Langston McFadden, Pontiac’s lawyer, did not respond to phone and email inquiries from | The Post-Standard.

Here are the unreported incidents uncovered during the most recent inspection.

Suicide attempt: A resident was threatening suicide and trying to wrap sheets and cords around their neck. The sheets and cords were removed from the person’s room. The resident was placed under one-to-one supervision, then sent to a hospital for evaluation and treatment. The nursing home did not conduct an internal investigation of the incident. The nursing home administrator told the inspector the incident was not reported to the health department, but should have been.

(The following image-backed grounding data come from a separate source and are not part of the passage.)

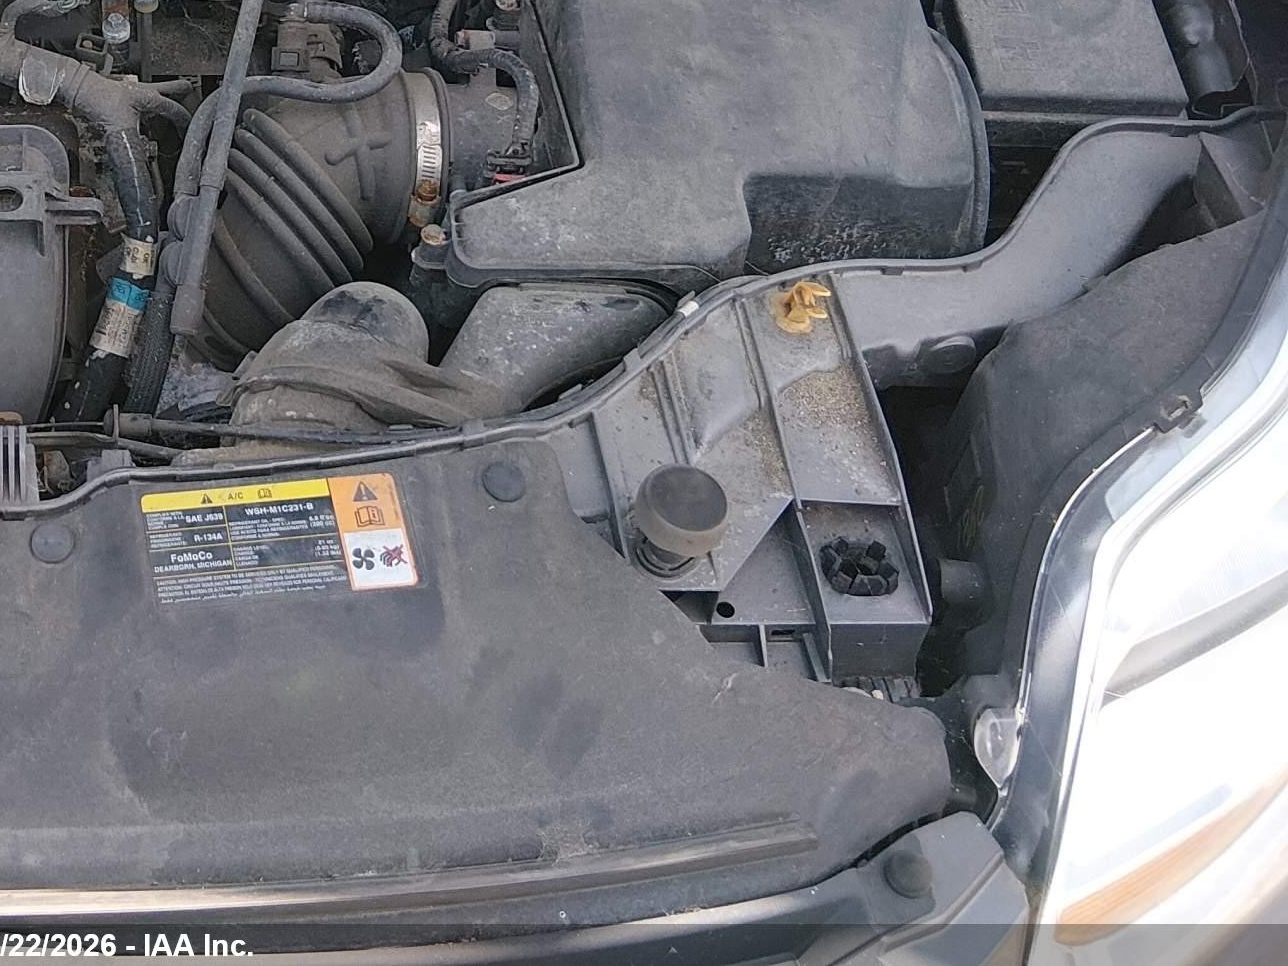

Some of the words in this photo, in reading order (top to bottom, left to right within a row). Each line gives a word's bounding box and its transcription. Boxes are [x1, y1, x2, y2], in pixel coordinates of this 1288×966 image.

[227, 491, 243, 500] A/C
[185, 514, 203, 523] SAE
[193, 532, 223, 543] R-134A
[170, 551, 213, 563] FoMoCo
[197, 560, 233, 570] MICHIGAN
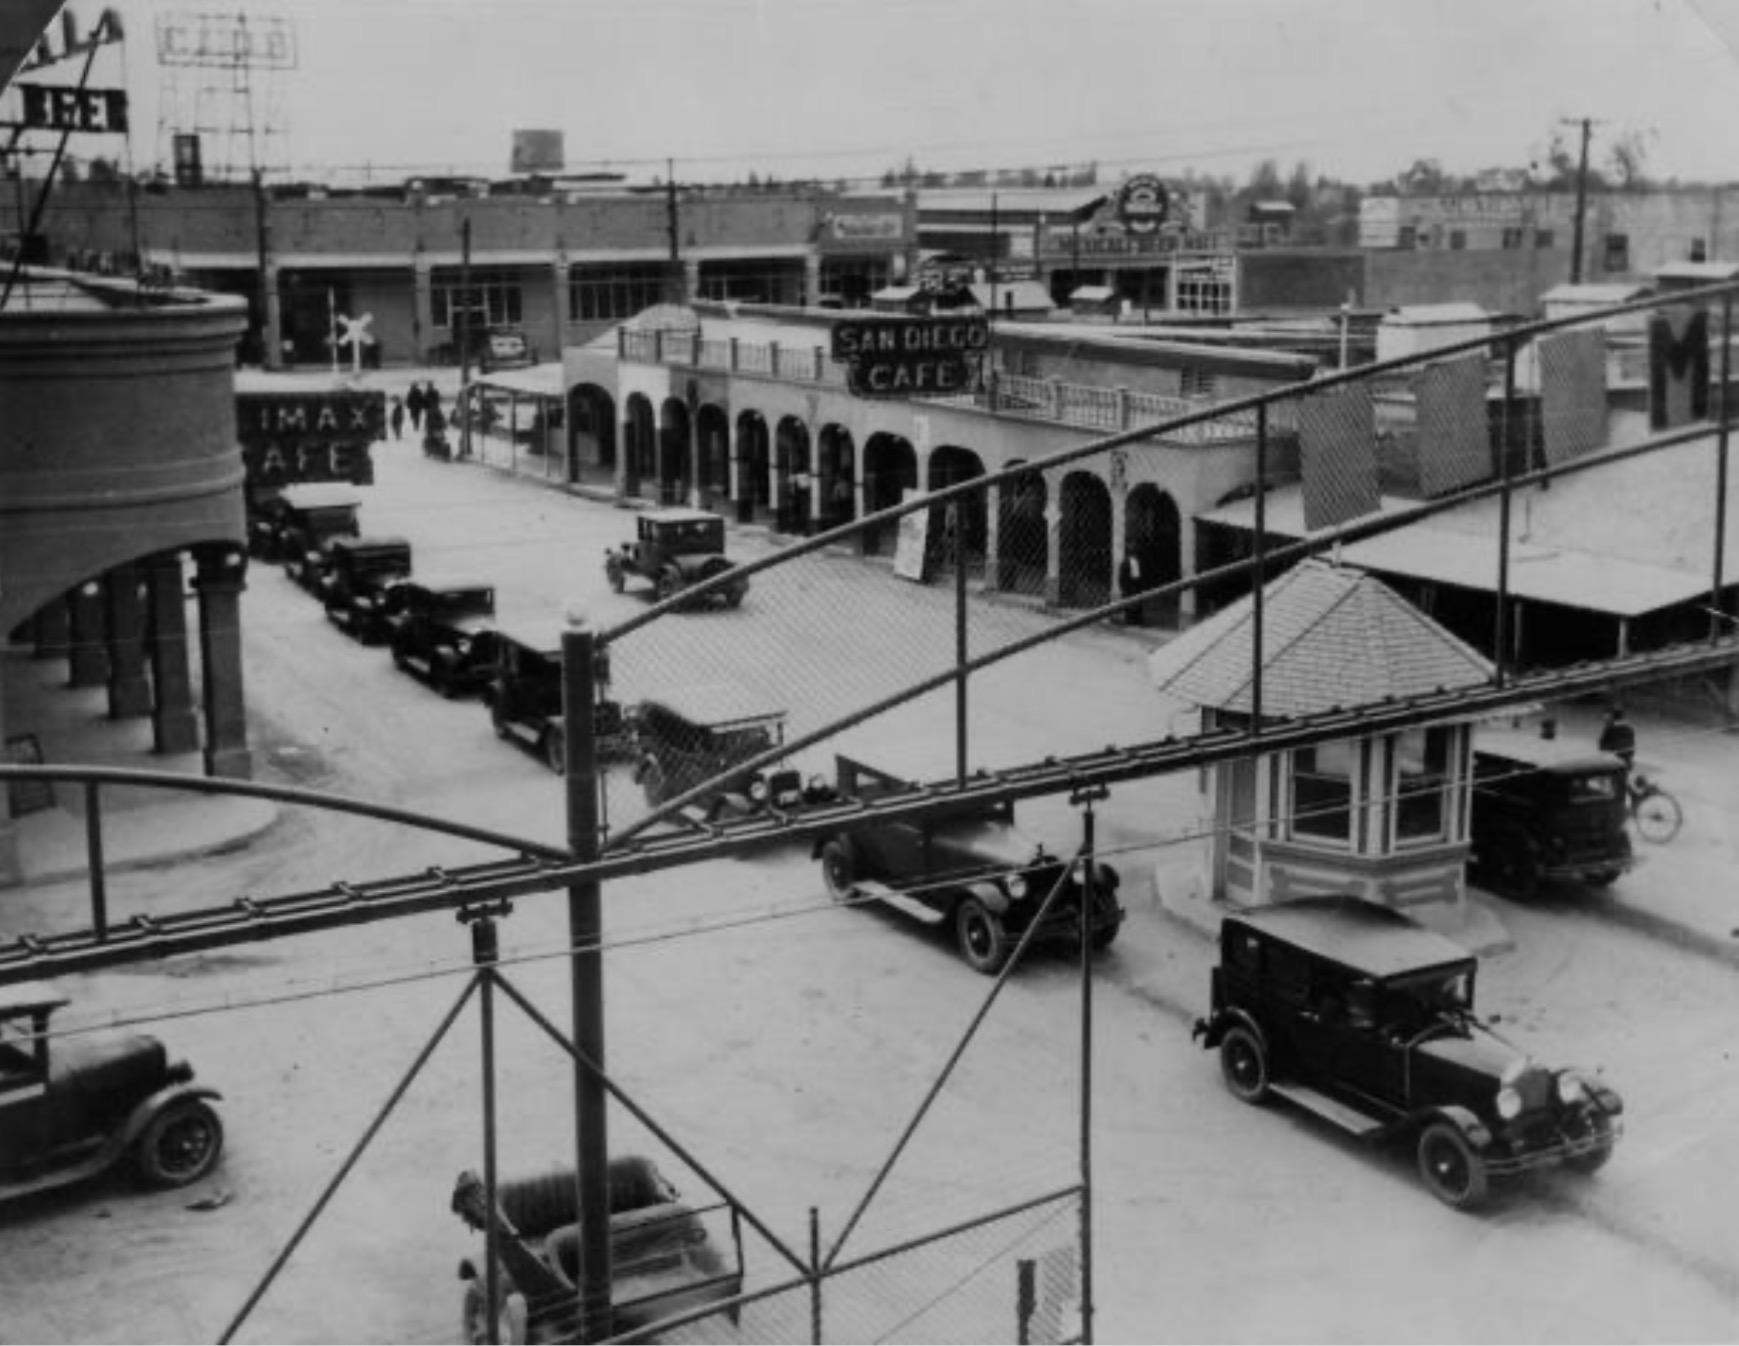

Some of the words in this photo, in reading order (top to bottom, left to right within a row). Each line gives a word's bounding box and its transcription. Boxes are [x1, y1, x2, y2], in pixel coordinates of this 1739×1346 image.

Aide borrows resident’s money: The nursing home’s employees are not supposed to accept money or gifts from residents. A resident, however, loaned $200 to an aide who agreed to repay the money in monthly installments. When the aide missed a payment, the resident complained to staff and demanded to be repaid. The resident was not coerced into lending the money, according to the inspection report. Pontiac repaid the resident and deducted the money from the aide’s paychecks. The aide was given a written warning and directed to review the employee handbook. The resident was told not to loan any more money to employees. The nursing home administrator told the inspector the facility did not report the “misappropriation” of the resident’s money because it was not following the state’s incident reporting manual.

Physical abuse among residents: One resident hit another resident with a closed fist on the face and was “whipping” another resident with a call bell. Residents also slapped and pushed each other. When interviewed about the incidents, the nursing director told the inspector employees were unfamiliar with the health department’s nursing home incident reporting manual.

The inspection also faulted Pontiac for not providing enough supervision and assistance to prevent accidents among residents.

A legally blind resident was given a cup of hot cocoa to drink while “slouched down” in bed. The resident spilled the cocoa, getting a superficial first-degree burn, the inspection report said.

An investigation by the nursing home determined the accident resulted “from an error of judgment but the incident was avoidable.”

A few days later the inspector observed the same resident sitting unattended in a lounge area with a meal tray on a table. The resident took a bite of a grilled cheese sandwich, set it down and the sandwich slid down the blanket onto the resident’s chest. A dietician told the inspector the visually impaired resident needed help from staff during meals.

In its plan of correction, Pontiac denied that the resident was burned by the cocoa. To avoid other accidental spills, staff members were directed to give the resident a specialty cup with a lid for hot drinks.

Oswego Mayor William Barlow threatened to shut down Pontiac two weeks ago after an inspection by city officials found temperatures inside the facility exceeded 80 degrees. A nursing home representative denied the mayor’s allegations and said city officials recorded temperatures incorrectly.